Ohh! HAHAHAHAHA! Did ya hear her, mate? Did you
hear
her? At the same time the room went into a gloom when Sonny
pulled the curtains across. Ooooo, it’s gone very dark in here … HAHAHAHAHAHA!! Jube’s laughter seemed to echo in the small confines. Sonny trying to find the switch for the desk lamp. Found it. On. World a tiny and different place.
Let there be light, Jube in a flat voice, like the change of light had got to him too, turned this moment into something else. Cranked it up a bit, or down. And Mrs Harland’s face a different smooth-skinned hue: soft yellowish from flower bursts in the
curtains,
and bits of hair over her forehead doubled up by throwing shadow. White blouse in the natural light more brushed with the same yellow; so the breast outline and cleavage shadow more marked. Sonny swallowing. And hearing Jube’s breathing changed. And since nothing was being spoken … Looking at Jube’s eyes, now harder to read; and his tall, denimed figure looking more ominous when before he looked like what he was – a galoot. She kept brushing at the strands of hair on her forehead, and they kept falling back to where they were. Books and leather smell and woman scent and booze stench and body sweat, and three’s different breathing.
Hers a quickened intake and expel, from a face of self-control that was more than admirable in the circumstances of Sonny’s observing. Jube’s in contrast a kind of panting sniffing, through his nose, maybe from the beating he took, maybe from all the beatings he’d taken (maybe from the beating life in gen gave the man?):
uh-ihh-
uh-ihh-uh-ihh. It might even be sexual, probably was. But the man was no rapist. Close, but not the real thing.

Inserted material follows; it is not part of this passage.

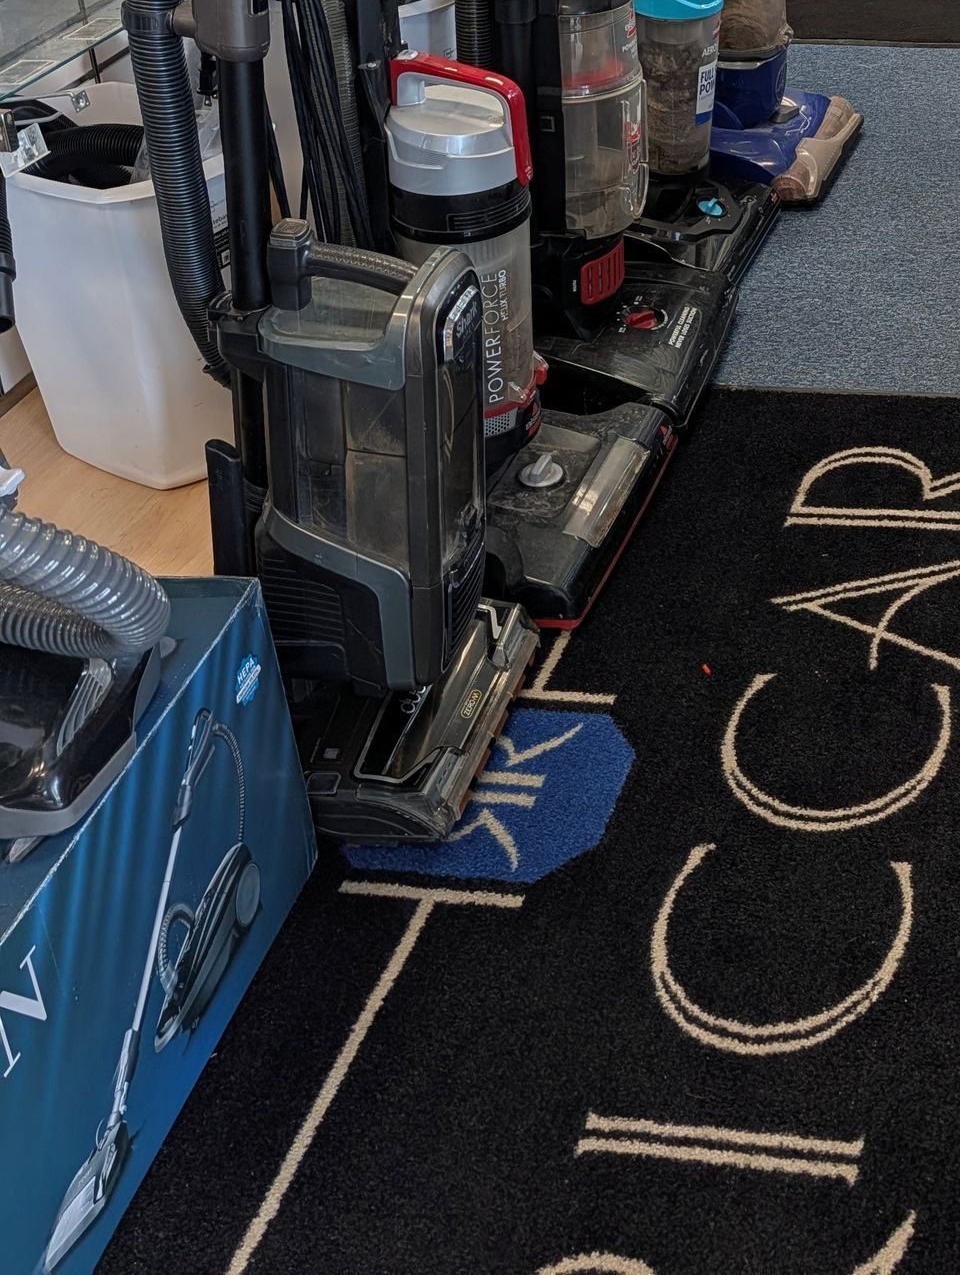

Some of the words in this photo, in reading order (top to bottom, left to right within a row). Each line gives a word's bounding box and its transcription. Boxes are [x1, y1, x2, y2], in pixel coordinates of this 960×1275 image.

[498, 268, 507, 299] TURBO
[481, 273, 505, 404] POWERFORCE
[235, 655, 257, 685] HEPA
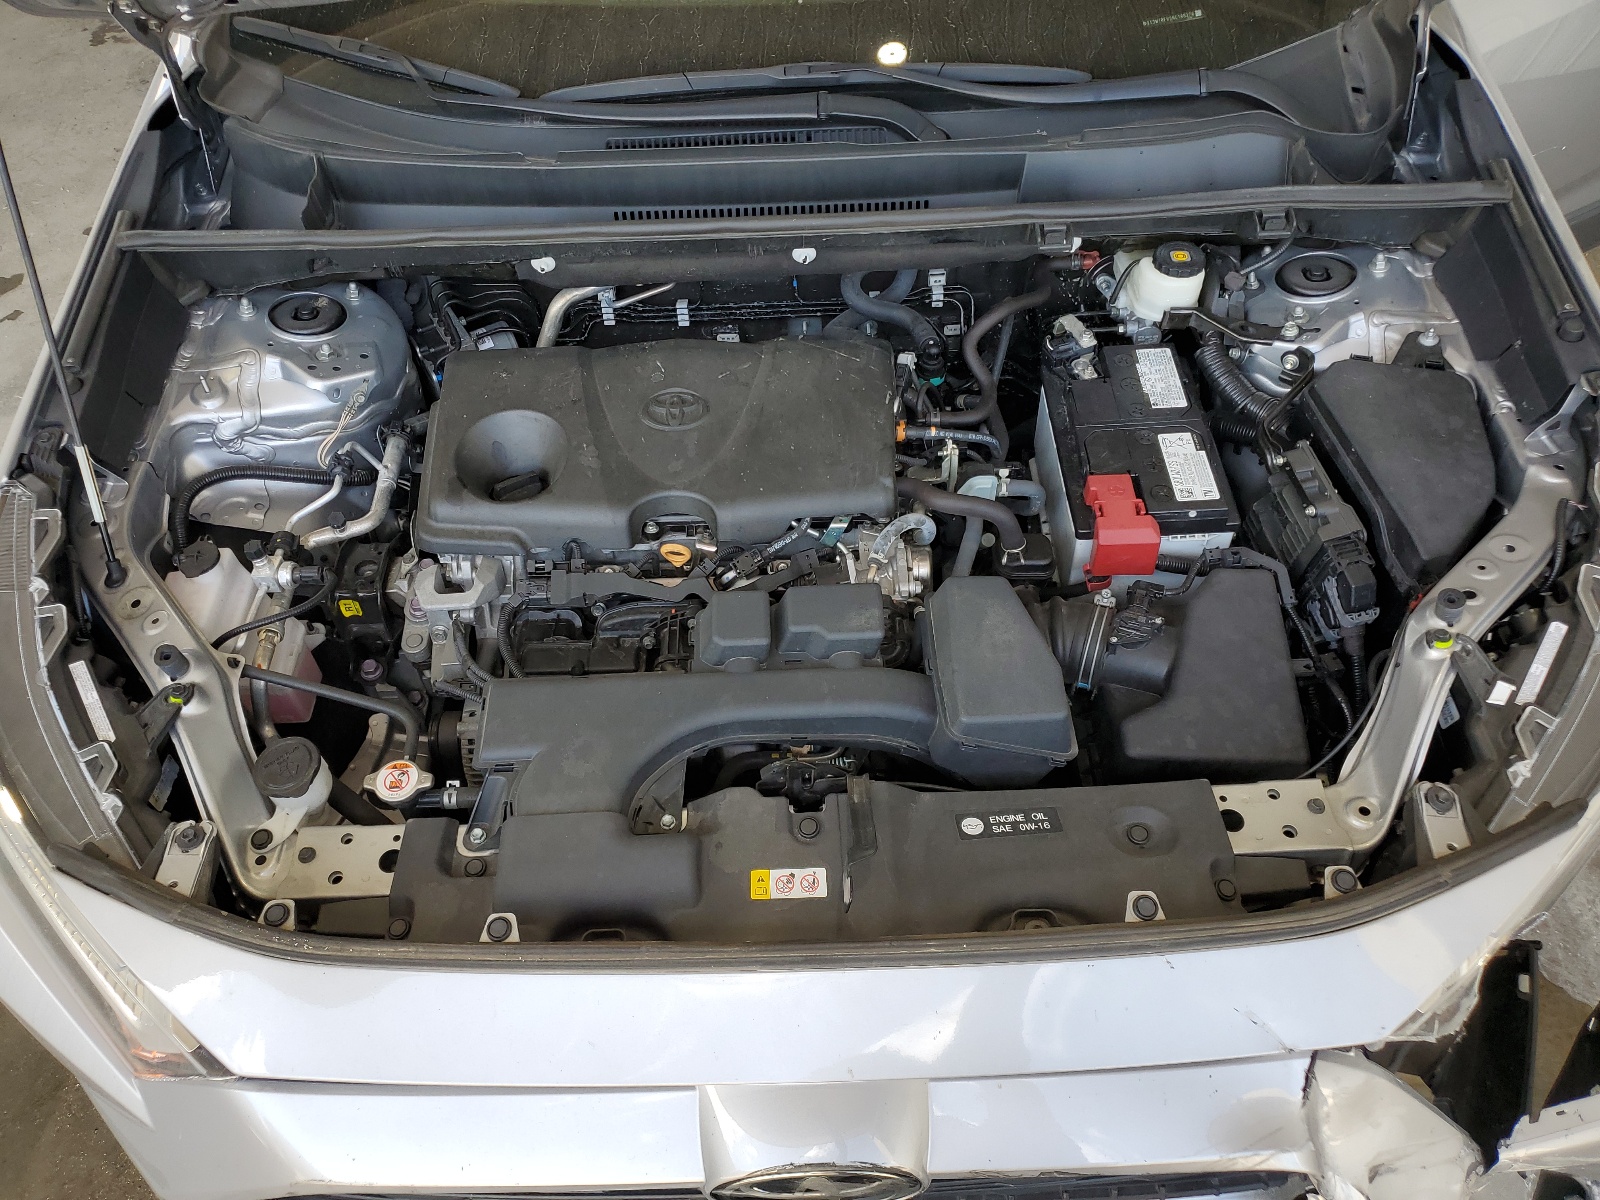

Jube let out a long sigh and asked, So where’s the key to the drawers? I have no idea. But you’re wasting your time if you think my husband still keeps cash in there. Her tone showing sign of frustration. I see, Jube rubbing his wool-garmented chin. So you figured it was us last time? Yes. I did. Jube started pacing. Or so Sonny believed. Till he brought to a halt before Sonny. Man, she’s got our number for the first hit. I know that, J – I know that, man. Sonny feeling ridiculous having a team conference but a few feet from the lady of the house. And she says there ain’t no bread, just the couple of hundred of her own. Man, I ain’t
deaf,
Sonny’s own frustration mounting. Then Jube turned to the woman, What about jewels? She shook her head. He let out another sigh, but this one was different: it had anger in it. Jube stepped over to the desk, turned and sat himself on it. So.
So, he said again. We got but a lousy two hundred. We know she
ain’t into jewellery cos she wasn’t the last time we were here. So. His breathing quickened. So we have the wife of a rich lawyer – Excuse me, but he is not rich. No? No.
Jube’s arms went out, Ya call this poor then? I didn’t say that, I said he is not rich. No? He’s not rich with a house like this? No, he is not rich. He’s not rich with having six grand in his desk, another grand stuck under a fucking pillow, in
Ant’s
room? Her face tightened at that reference. And her eyes went cold and unafraid. He’s not rich having enough Persian rugs to fly to the fucking moon on? So how much does he make a week? I have no idea. Lady … how much does he make in a week? He doesn’t get paid by the week. A month then? Nor by the month.